彼女は、虚ろな目でうわごとのように同じ言葉を繰り返していた。
「……ウソでしょ? ……私は……今までずっと……姉様の仇の横で……」
「――ああ、そうだよ」
フジェイルは、彼女の言葉を聞き取ると、大きく頷いた。
「君は、今日までずうっと、姉を手にかけた男に仕え、慕っていたのだよ。実に愚かで哀れな娘だ」
そして、嗜虐的な薄笑みを浮かべ、俯くアザレアの耳元に口を近づけ、彼女にとどめの一撃を与えんとする。
「――私は、ずっと笑いを押し殺しながら、君と接していたのだよ。――やっと、大っぴらに嘲笑い飛ばす事が出来る。……ふふ……クククク……クハ――ハッハッハッハッ!」
「嗤うなァッ!」
アザレアは絶叫して、腰に提げた長鞭を抜き放ち、脇に立つフジェイルに向かって打ちつけんとした。が、フジェイルは身軽に飛び退き、彼女の憤怒の一撃を躱す。
アザレアは、その紅玉の瞳に煉獄の炎を宿し、狂ったように輝かせながら、ギリギリと歯噛みする。
「――赦さない……。貴方……お前は、姉様に変わって、この私が灰にしてやる、シュ……いや、フジェイル!」
「ふふ……果たして、君に出来るのかな? 君の姉上……“紅蓮のロゼリア”ですら斃し切れなかった、この私を。世間知らずで甘々で、利用されている事にも気付かずに仇を慕うような、鈍感で愚かな君ごときに――!」
「黙れェッ! 『火を統べし フェイムの息吹 命の炎! 我が手に宿り 全てを燃やせ』ッ!」
絶叫するように聖句を唱え、アザレアの手にする長鞭が忽ち燃え盛る。その轟炎を目の当たりにしたフジェイルは、焼け爛れた顔を顰める。
「……あれ以来、炎は見るのも嫌だが……。特に、君の繰り出す炎は、あの女の炎とそっくりで、見る度に虫唾が走るんだよ……!」
そう忌々しげに吐き捨てると、目の前に手を翳して、目を逸らす。
「燃え散れッ!」
そんなフジェイルの動きに構わず、彼女は炎鞭を、目の前の憎き仇に向けて、思い切り振るう。
フジェイルは身体を捻って、炎鞭の巻き起こす火炎を躱し続けるが、炎鞭の苛烈な攻撃は絶える事無く、遂に彼を部屋の隅へ追い詰める。
『地を奔る フェイムの息吹 命の火! 我が手を離れ 壁を成せッ!』
すかさず、アザレアが新たな聖句を唱える。フジェイルの前に、高さ2エイム以上の燃え猛る炎の壁が築かれた。

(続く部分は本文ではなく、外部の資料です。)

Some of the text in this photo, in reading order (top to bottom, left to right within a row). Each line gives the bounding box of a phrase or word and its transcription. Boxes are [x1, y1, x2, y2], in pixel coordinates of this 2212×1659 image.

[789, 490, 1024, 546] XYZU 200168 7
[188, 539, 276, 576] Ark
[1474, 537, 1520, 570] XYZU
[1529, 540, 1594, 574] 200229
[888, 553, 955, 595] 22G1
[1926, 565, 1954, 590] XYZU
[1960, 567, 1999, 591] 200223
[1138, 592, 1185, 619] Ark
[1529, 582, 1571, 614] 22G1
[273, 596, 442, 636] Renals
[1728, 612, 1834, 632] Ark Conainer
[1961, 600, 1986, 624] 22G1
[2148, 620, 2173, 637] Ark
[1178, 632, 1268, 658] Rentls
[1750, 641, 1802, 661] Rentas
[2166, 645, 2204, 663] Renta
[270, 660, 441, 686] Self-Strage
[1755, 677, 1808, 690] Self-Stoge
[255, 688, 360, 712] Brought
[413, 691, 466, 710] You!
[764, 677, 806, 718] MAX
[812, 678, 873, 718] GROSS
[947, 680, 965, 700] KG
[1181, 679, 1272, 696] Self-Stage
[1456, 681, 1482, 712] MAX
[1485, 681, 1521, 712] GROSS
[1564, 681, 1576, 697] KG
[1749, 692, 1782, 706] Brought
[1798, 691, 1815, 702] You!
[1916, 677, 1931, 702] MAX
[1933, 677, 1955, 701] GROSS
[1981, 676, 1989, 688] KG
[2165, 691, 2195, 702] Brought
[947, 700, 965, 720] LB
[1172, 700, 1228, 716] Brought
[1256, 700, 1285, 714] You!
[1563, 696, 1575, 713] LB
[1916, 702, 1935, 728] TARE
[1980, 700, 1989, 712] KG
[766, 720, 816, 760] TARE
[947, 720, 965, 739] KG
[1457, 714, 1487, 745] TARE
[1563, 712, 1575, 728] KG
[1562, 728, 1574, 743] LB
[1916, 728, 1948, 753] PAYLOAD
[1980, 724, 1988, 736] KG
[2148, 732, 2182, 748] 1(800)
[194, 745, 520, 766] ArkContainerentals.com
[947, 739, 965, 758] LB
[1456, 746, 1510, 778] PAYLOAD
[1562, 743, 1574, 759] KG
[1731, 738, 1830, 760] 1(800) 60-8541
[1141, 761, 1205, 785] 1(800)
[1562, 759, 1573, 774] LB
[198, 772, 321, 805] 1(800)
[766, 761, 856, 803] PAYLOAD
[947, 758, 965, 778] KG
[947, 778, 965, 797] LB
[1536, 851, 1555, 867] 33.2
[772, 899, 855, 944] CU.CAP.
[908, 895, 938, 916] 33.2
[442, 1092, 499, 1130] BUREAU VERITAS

「トドメだ! 今度こそ燃え尽きろ、この焼け損ないめッ!」
絶叫と共に、振り上げた炎鞭を、フジェイルの脳天に向けて振り下ろした。
――と、フジェイルの唇が、のろりと動き出す。
『――ダレムノチ チギリカワセシ シカバネヨ ヤドリシタマシイ ワレニシタガエ!』
呪句を唱えた彼はニヤリと嗤い、右手の指をパチンと鳴らす。
――次の瞬間、轟音と共にフジェイルの背後の壁が粉々に爆ぜ散り、そこから飛び出した何者かの影が、フジェイルの前に立ち塞がった。
ビシィッ!
乾いた音がして、アザレアの必殺の一撃は弾かれた。
「!」
意想外の事に、一瞬体勢を崩されたアザレアだが、すぐさま立て直し、彼女の邪魔をした者を睨みつけ――、
「――!」
絶句した。
彼女の炎鞭を弾き飛ばした大剣を右手に持ち、ユラリと立つ漆黒の甲冑の壮年の騎士。
あが、彼が放つ雰囲気はあまりにも異様――。
その顔は土気色に染まり、目は虚ろで焦点が定まっておらず、口の端にはどす黒く固まった血の筋がこびり付いている。
――明らかに、生者の佇まいでは無かったのだ。
「――そう言えば、君は初めて見るんだね、彼の事は」
フジェイルは、闖入者の背後で、ニタリといやらしい笑いを浮かべた。
彼は一歩踏み出すと、炎に囲まれた中、芝居がかった仕草で高々と呼び上げた。